[Image-backed grounding data]

+ + + + +

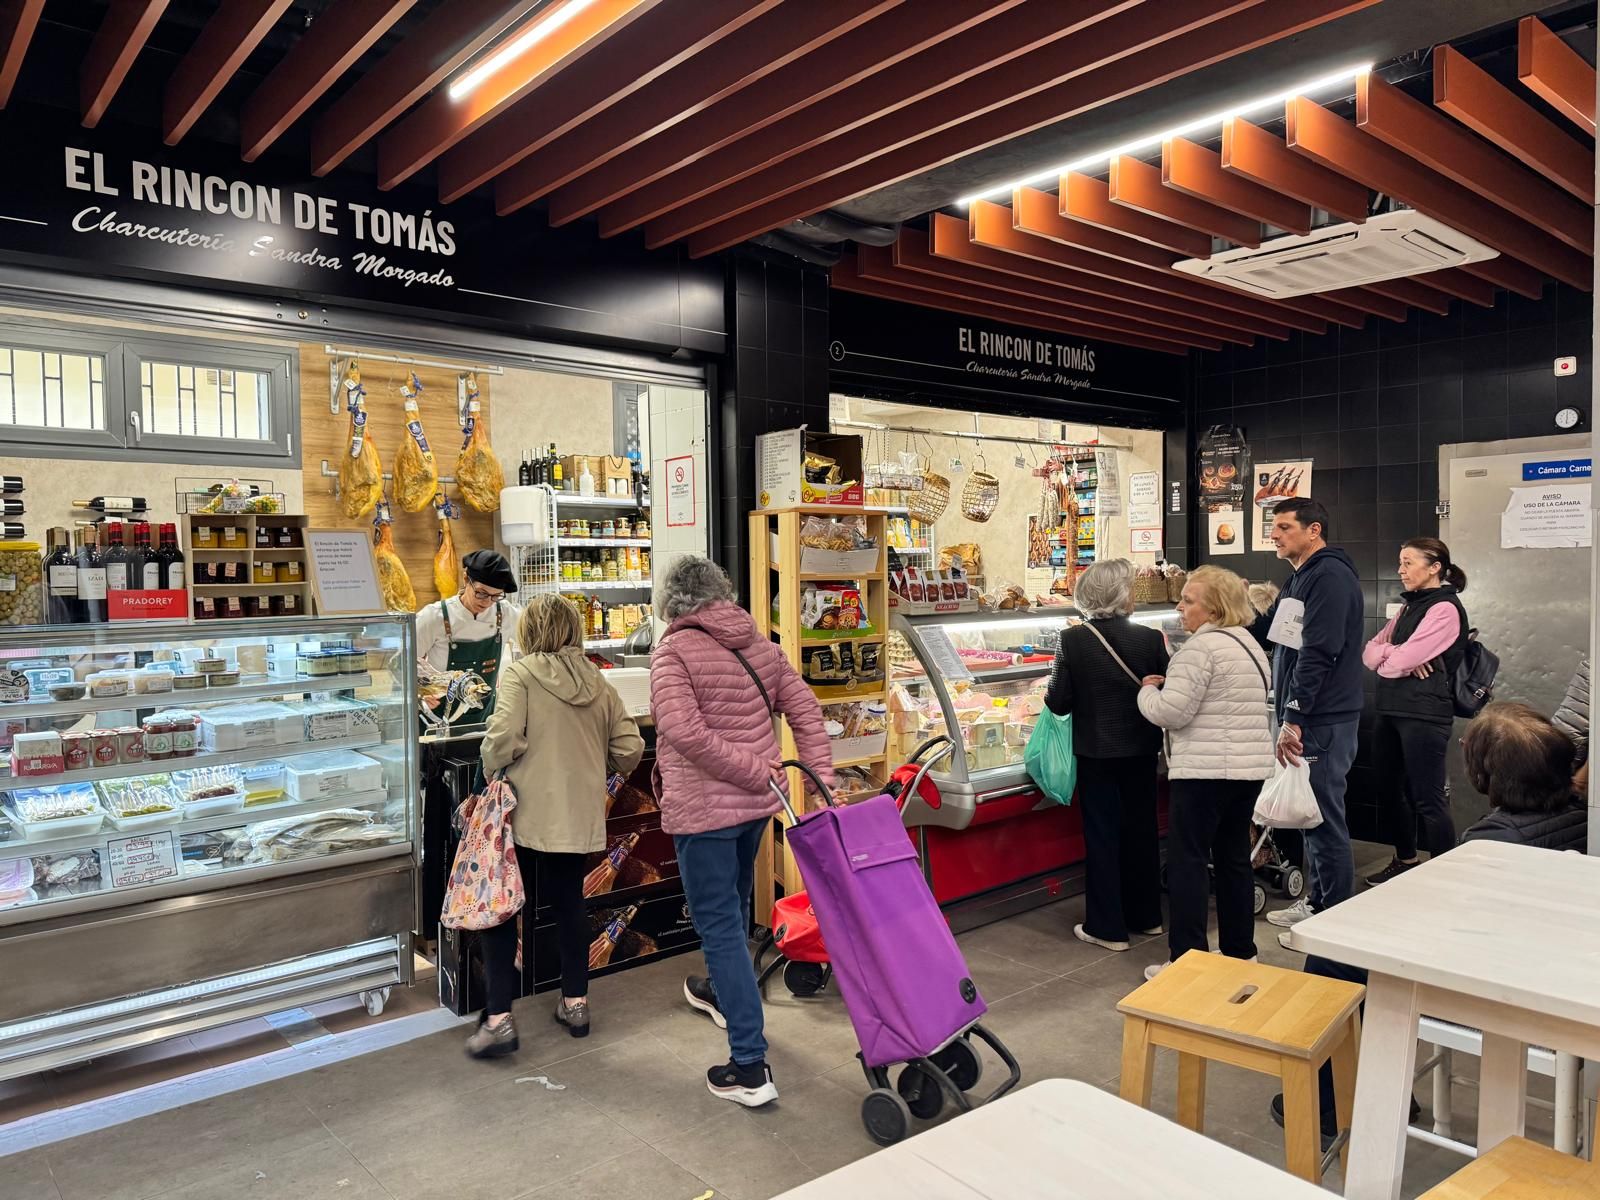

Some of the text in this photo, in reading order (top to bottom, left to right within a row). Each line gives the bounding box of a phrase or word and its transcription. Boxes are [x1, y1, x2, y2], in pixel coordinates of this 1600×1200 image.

[65, 146, 457, 256] EL RINCON DE TOMÁS
[71, 206, 455, 287] Charcutería Sandra Morgado
[959, 327, 1096, 372] EL RINCON DE TOMÁS
[966, 360, 1091, 390] Charcutería Sandra Morgado
[1538, 466, 1566, 474] Cámara
[123, 598, 174, 606] PRADOREY
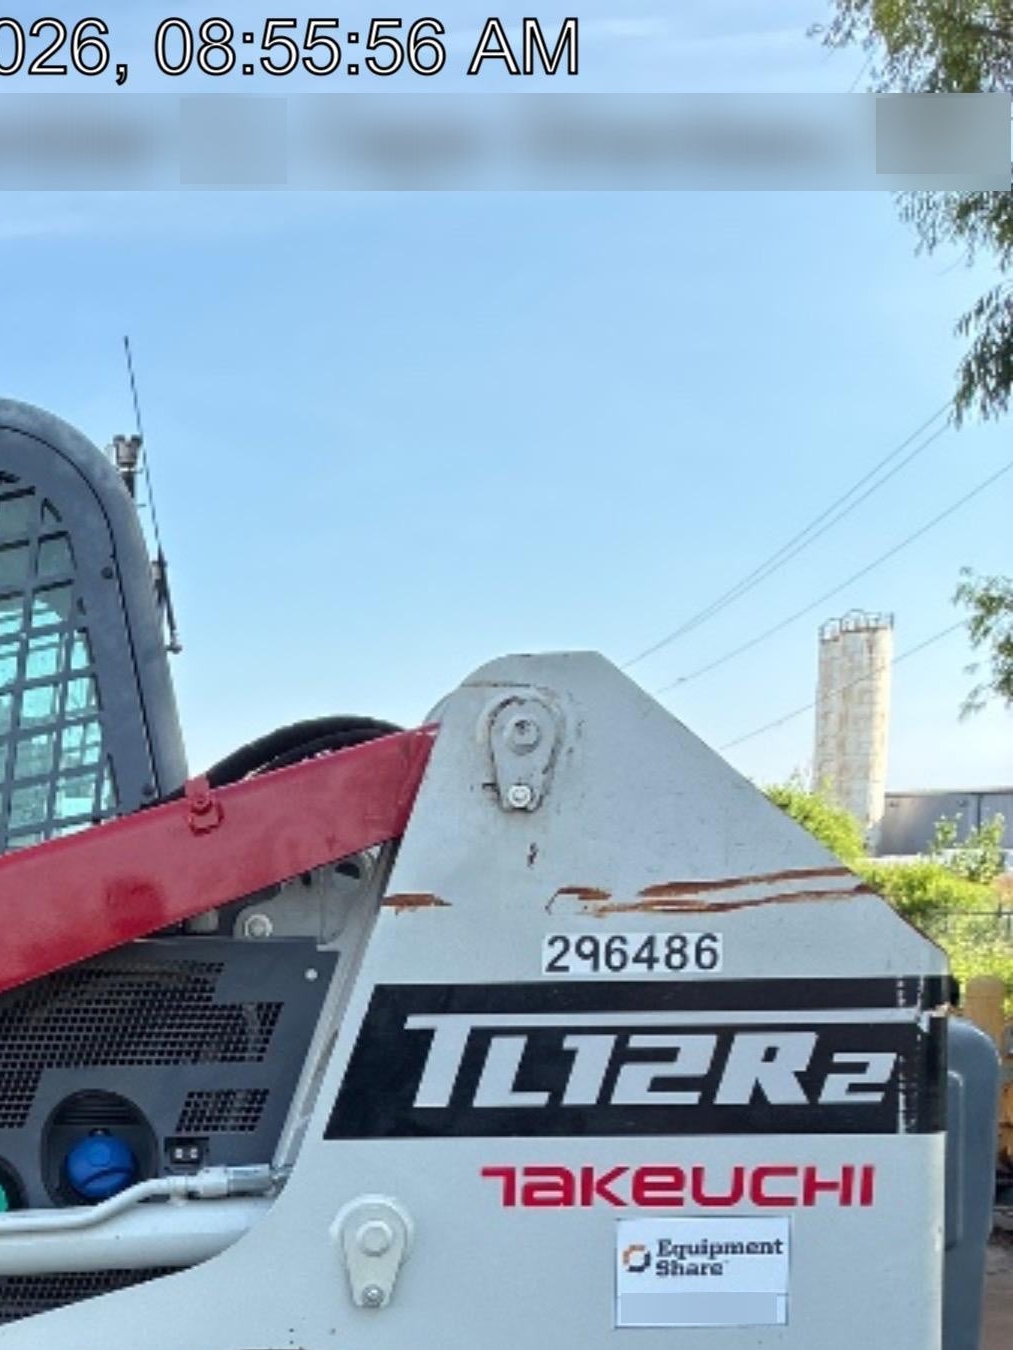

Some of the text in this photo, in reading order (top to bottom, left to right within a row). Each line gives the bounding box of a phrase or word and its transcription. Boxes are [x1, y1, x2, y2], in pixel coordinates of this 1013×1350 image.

[544, 933, 720, 973] 296486
[404, 1008, 916, 1109] TL12R2
[655, 1238, 784, 1260] Equipment
[655, 1259, 724, 1277] Share

+ + + + +

Description of the task :: An exact retyping of the entries, without images, is the required answer.

Answer to the exercise ::
Some of the text in this photo, in reading order (top to bottom, left to right within a row). Each line gives the bounding box of a phrase or word and its transcription. Boxes are [x1, y1, x2, y2], in pixel coordinates of this 1600×1200 image.

[65, 146, 457, 256] EL RINCON DE TOMÁS
[71, 206, 455, 287] Charcutería Sandra Morgado
[959, 327, 1096, 372] EL RINCON DE TOMÁS
[966, 360, 1091, 390] Charcutería Sandra Morgado
[1538, 466, 1566, 474] Cámara
[123, 598, 174, 606] PRADOREY

Some of the text in this photo, in reading order (top to bottom, left to right within a row). Each line gives the bounding box of a phrase or word and its transcription. Boxes are [x1, y1, x2, y2], in pixel coordinates of this 1013×1350 image.

[544, 933, 720, 973] 296486
[404, 1008, 916, 1109] TL12R2
[655, 1238, 784, 1260] Equipment
[655, 1259, 724, 1277] Share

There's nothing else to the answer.